Conduct disorder (CD) is usually diagnosed in childhood and requires that an individual exhibit at least three of 15 specific symptoms for a period of a year. CD manifests through social violations that can lead to further difficulties. Children with CD are much more likely to develop problems with substance misuse, employment, relationship stability, and psychological issues than children without CD. The symptoms that exist in CD do not always co-occur, and very often, children and young adults exhibit symptoms independently of each other but still suffer with significant emotional, social, and academic difficulties as a result.
Because the current diagnostic criteria affect the course of treatment designed for individuals with CD, it is imperative that accurate criteria be used when identifying those at risk for this psychiatric challenge. Some mental health experts believe that some children who do not meet the clinical threshold for CD could still benefit from treatment, thus necessitating the creation of CD subtypes. To determine if there is enough evidence to warrant a change to the current diagnostic threshold as outlined in the DSM-IV, Joshua Breslau, PhD, of the RAND Corporation in Pennsylvania collaborated with his colleagues from the University of California, Davis, in Sacramento on a recent study.

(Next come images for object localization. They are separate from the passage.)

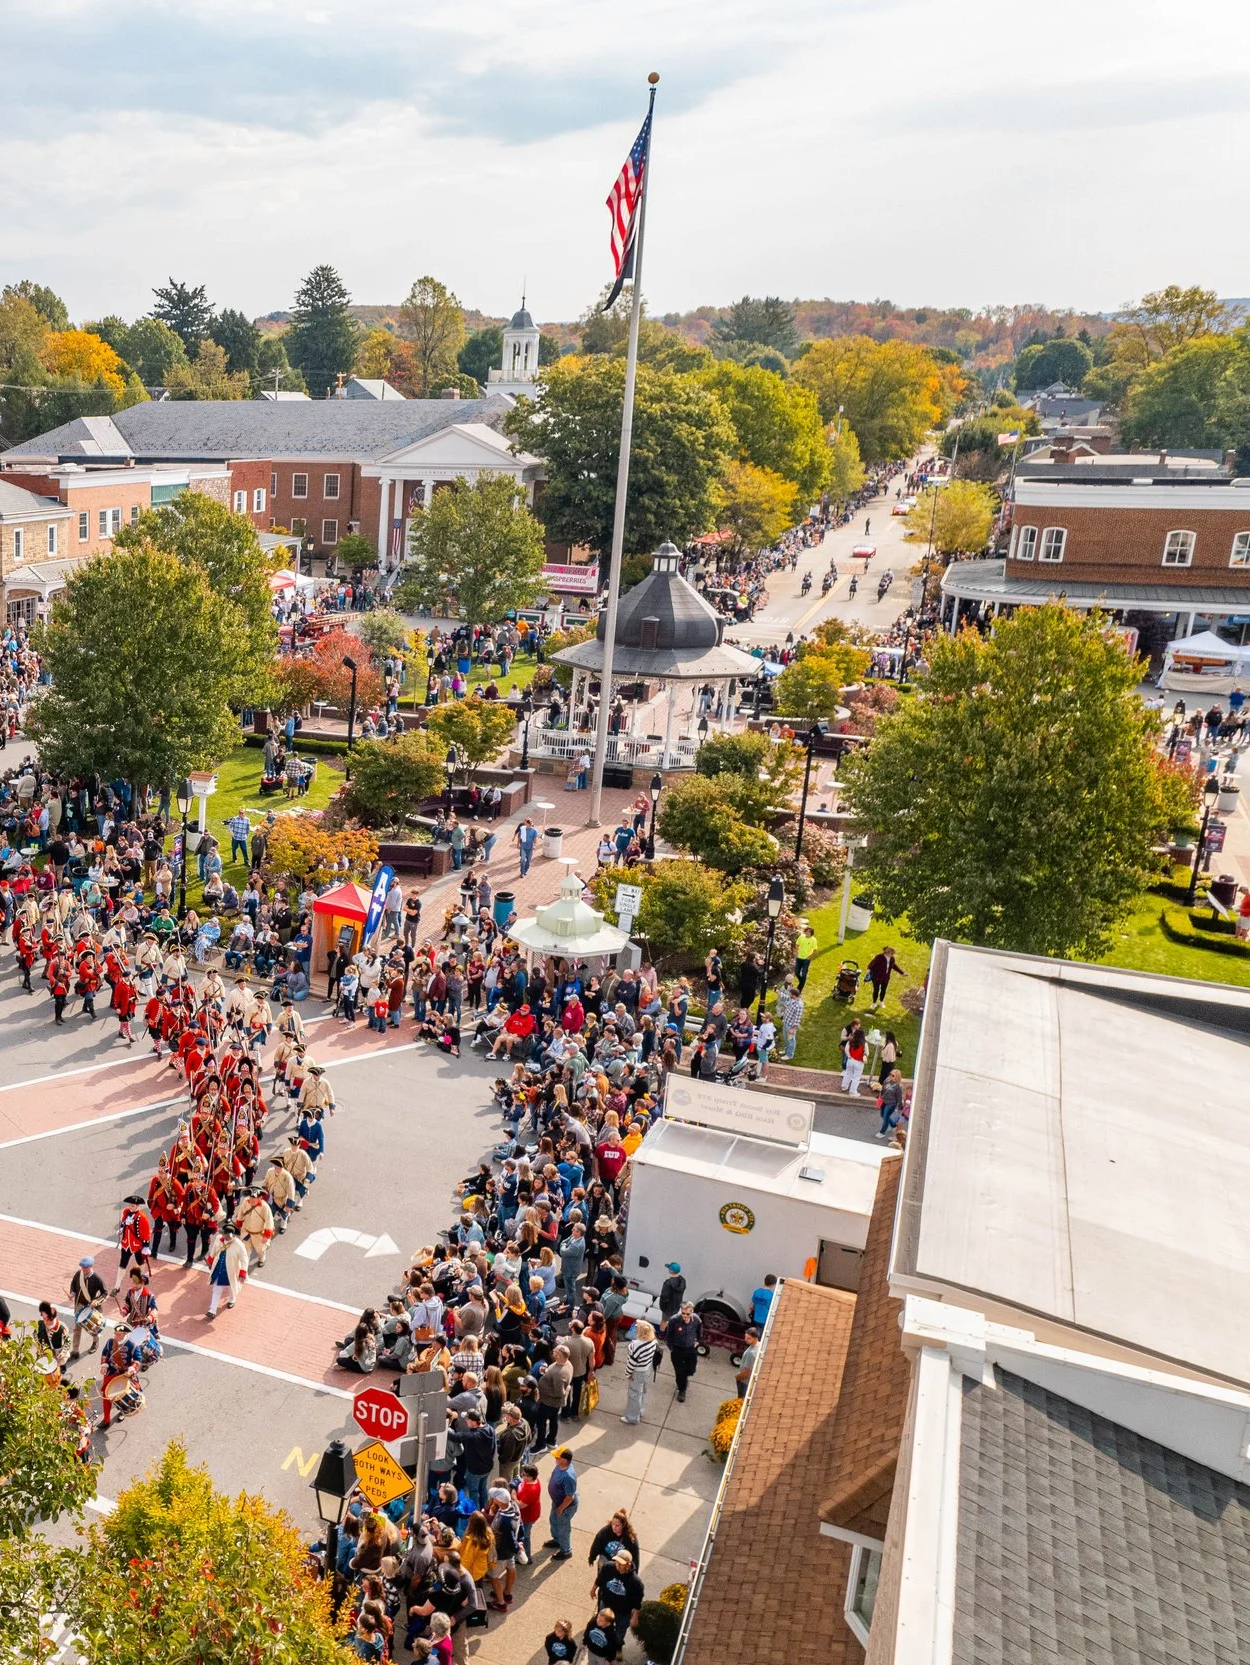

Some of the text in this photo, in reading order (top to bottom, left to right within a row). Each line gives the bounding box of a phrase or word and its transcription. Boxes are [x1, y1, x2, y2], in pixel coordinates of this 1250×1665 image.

[355, 1400, 406, 1430] STOP
[367, 1450, 389, 1464] LOOK
[353, 1459, 402, 1481] BOTH WAYS
[369, 1475, 386, 1487] FOR
[365, 1487, 387, 1499] PEDS

The team examined data from a larger longitudinal study and analyzed the frequency, severity, and onset age of symptoms in adults ranging between 18 and 44 years old. They also evaluated the level of parental mental health, life stressors, and psychiatric condition of the participants. Breslau found three clear classifications of symptoms, including low level, intermediate, and severe. The largest percentage of the participants fell into the intermediate class, which put them at risk for antisocial tendencies and anxiety and mood issues. The majority of the cases that fit into one of these classes also met current clinical diagnostic criteria for CD. Breslau said, “Consistent identification of subtypes among people with relatively low levels of symptoms suggests the potential value of further delineating subtypes of CD.” However, he does not feel that these findings warrant changes to the existing diagnostic model at this time.
Breslau, J., Saito, N., Tancredi, D. J., Nock, M., Gilman, S. E. (2012). Classes of conduct disorder symptoms and their life course correlates in a US national sample. Psychological Medicine, 42.5, 1081-1089.